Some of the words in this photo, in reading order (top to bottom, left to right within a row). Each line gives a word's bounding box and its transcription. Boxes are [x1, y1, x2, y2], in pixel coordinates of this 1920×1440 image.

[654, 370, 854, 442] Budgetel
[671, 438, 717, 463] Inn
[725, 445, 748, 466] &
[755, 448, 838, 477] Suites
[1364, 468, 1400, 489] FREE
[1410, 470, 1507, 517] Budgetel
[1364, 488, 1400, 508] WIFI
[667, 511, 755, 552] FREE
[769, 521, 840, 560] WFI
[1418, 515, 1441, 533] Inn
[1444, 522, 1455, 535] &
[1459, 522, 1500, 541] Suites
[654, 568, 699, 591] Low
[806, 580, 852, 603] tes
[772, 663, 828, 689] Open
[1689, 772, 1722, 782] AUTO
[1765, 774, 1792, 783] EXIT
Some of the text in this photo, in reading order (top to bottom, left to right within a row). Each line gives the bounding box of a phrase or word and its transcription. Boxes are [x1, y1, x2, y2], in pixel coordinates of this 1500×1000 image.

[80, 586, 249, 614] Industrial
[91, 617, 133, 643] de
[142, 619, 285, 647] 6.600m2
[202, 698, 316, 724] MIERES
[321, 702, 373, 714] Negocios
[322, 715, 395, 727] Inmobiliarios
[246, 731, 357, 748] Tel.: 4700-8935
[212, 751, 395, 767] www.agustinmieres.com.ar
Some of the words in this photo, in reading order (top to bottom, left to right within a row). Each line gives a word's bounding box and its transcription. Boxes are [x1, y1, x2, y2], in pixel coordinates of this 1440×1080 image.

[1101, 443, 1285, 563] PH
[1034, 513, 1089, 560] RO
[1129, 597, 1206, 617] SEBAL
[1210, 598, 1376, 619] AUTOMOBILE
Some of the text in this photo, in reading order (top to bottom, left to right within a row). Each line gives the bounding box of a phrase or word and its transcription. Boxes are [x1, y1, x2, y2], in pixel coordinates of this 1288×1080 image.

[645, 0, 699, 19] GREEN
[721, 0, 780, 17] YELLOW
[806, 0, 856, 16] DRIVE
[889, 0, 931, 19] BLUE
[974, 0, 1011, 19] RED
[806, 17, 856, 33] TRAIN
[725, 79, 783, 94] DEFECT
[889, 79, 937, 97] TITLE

DESCRIPTION OF THE TASK
Set all of the data down again exactly.

SOLVED PROBLEM
Some of the words in this photo, in reading order (top to bottom, left to right within a row). Each line gives a word's bounding box and its transcription. Boxes are [x1, y1, x2, y2], in pixel coordinates of this 1920×1440 image.

[654, 370, 854, 442] Budgetel
[671, 438, 717, 463] Inn
[725, 445, 748, 466] &
[755, 448, 838, 477] Suites
[1364, 468, 1400, 489] FREE
[1410, 470, 1507, 517] Budgetel
[1364, 488, 1400, 508] WIFI
[667, 511, 755, 552] FREE
[769, 521, 840, 560] WFI
[1418, 515, 1441, 533] Inn
[1444, 522, 1455, 535] &
[1459, 522, 1500, 541] Suites
[654, 568, 699, 591] Low
[806, 580, 852, 603] tes
[772, 663, 828, 689] Open
[1689, 772, 1722, 782] AUTO
[1765, 774, 1792, 783] EXIT
Some of the text in this photo, in reading order (top to bottom, left to right within a row). Each line gives the bounding box of a phrase or word and its transcription. Boxes are [x1, y1, x2, y2], in pixel coordinates of this 1500×1000 image.

[80, 586, 249, 614] Industrial
[91, 617, 133, 643] de
[142, 619, 285, 647] 6.600m2
[202, 698, 316, 724] MIERES
[321, 702, 373, 714] Negocios
[322, 715, 395, 727] Inmobiliarios
[246, 731, 357, 748] Tel.: 4700-8935
[212, 751, 395, 767] www.agustinmieres.com.ar
Some of the words in this photo, in reading order (top to bottom, left to right within a row). Each line gives a word's bounding box and its transcription. Boxes are [x1, y1, x2, y2], in pixel coordinates of this 1440×1080 image.

[1101, 443, 1285, 563] PH
[1034, 513, 1089, 560] RO
[1129, 597, 1206, 617] SEBAL
[1210, 598, 1376, 619] AUTOMOBILE
Some of the text in this photo, in reading order (top to bottom, left to right within a row). Each line gives the bounding box of a phrase or word and its transcription. Boxes are [x1, y1, x2, y2], in pixel coordinates of this 1288×1080 image.

[645, 0, 699, 19] GREEN
[721, 0, 780, 17] YELLOW
[806, 0, 856, 16] DRIVE
[889, 0, 931, 19] BLUE
[974, 0, 1011, 19] RED
[806, 17, 856, 33] TRAIN
[725, 79, 783, 94] DEFECT
[889, 79, 937, 97] TITLE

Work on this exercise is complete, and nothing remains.